Re: Price of the Proposed Offering - Cabbages
posted on
Oct 26, 2016 04:00AM
British national hero Winston Churchill's political career was rather chequered. He is still, in certain areas, talked of with some distain. Ask the older generation of South Wales' miners about their harsh treatment at his hands? On one occasion a cabbage was thrown at him during an unruly Valleys meeting. He picked the cabbage from the stage up and looked at it for a number of seconds and in his inimitable low grumbling voice uttered the priceless words:
"someone appears to have lost his head'.
Wading through the cabbages on this board has become a fatiguing, uninspiring trudge. The reason for this boards irrational behaviour is FEAR, fear of the unknown. Get a grip! I have on several occasions capsized in calm conditions because the dinghy became unbalanced as someone moves around in an uncoordinated way. So could you all please sit down while I rearrange the balance of logic in this vessel.
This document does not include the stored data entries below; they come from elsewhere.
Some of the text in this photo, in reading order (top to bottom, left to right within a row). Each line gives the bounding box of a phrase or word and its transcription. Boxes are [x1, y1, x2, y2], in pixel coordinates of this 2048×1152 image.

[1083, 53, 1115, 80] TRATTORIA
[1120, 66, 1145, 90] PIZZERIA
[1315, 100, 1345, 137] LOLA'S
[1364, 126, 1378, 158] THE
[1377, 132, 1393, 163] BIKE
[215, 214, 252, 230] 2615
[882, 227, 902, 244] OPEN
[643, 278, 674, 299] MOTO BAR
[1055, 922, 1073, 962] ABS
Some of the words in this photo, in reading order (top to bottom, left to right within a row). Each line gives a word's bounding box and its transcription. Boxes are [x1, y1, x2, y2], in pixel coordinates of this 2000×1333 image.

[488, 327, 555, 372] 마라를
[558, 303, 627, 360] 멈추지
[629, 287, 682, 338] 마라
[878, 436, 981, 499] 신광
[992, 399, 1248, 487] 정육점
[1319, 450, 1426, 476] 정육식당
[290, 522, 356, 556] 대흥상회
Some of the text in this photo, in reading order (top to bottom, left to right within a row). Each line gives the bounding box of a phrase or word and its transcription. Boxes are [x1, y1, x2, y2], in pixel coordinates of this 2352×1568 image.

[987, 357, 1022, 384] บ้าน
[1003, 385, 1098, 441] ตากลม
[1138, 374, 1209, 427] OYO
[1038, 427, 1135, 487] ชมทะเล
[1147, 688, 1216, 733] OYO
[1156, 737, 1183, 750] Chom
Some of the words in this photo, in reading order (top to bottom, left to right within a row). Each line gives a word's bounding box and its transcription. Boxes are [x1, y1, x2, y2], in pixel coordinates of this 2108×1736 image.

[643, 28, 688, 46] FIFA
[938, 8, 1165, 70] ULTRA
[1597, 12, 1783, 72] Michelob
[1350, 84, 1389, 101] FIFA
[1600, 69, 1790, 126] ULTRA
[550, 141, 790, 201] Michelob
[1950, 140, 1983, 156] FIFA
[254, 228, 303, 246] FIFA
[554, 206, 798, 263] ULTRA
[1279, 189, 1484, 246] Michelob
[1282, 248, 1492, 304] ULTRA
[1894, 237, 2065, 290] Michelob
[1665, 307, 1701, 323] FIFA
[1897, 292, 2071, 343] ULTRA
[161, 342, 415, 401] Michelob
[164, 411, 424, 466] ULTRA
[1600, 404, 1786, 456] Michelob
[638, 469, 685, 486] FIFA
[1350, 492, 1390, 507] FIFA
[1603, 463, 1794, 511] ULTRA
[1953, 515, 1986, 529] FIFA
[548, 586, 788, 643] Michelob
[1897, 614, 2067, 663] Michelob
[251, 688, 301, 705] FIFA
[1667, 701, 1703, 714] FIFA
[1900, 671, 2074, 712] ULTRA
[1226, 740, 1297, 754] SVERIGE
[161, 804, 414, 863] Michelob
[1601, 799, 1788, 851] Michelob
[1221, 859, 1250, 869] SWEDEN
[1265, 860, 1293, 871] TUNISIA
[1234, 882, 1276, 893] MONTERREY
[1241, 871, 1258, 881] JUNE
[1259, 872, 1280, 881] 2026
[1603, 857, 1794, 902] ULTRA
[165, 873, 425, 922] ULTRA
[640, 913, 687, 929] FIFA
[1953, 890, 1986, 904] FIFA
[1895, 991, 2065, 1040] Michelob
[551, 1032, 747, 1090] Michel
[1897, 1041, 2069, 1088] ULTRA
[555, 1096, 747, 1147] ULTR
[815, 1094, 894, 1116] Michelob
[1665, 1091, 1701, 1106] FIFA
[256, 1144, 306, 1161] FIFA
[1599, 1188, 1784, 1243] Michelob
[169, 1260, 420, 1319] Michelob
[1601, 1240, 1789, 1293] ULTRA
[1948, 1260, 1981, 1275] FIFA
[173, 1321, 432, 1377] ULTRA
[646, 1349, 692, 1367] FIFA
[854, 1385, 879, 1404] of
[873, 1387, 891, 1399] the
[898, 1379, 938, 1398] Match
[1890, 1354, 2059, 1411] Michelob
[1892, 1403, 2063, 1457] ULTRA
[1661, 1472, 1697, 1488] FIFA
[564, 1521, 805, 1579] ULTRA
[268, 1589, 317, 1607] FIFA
Raising capital is a fundamental necessity of any business, particularly one without revenue. It is not a dirty trick by management to disadvantage existing shareholders. Our board of directors consists of members with deep experience of the IC business, who having run commercial companies in the industry can use their business experience to support our CEO and Chairman, who themselves possess exceptional relevant and up to date technical IC manufacturing skills. Why should such competency bow to the armchair directors of this board?
Management together have formed a plan for PTK who we know is approaching an 'inflection point' i.e. something is about to change. Why this board should think this change is for the worse is unfathomable. Given good progress and what previously was said to be sufficient capital at a given burn, a need for a sudden injection of capital could be to take advantage of an opportunity that has suddenly arisen, let alone an inevitable necessity to attract institutional investors, such as would arise after a briefing tour of such investors in Europe and North America
We are all simply guessing what change is about to occur, wait and the truth will soon be revealed, I would say though that its logical, given the competence on display in our management teamthat I should wait and ignore the majority view here, where many seem ready to commit financial suicide by selling too early, when there are clear sensible reasons why management would deem raising capital as necessary at this point to act and with the probability that doing so is for the overall good of the shareholders they serve.
Lets run a few such scenarios.
I'm backing my own logic. Please pick your cabbages up and put them back where they belong.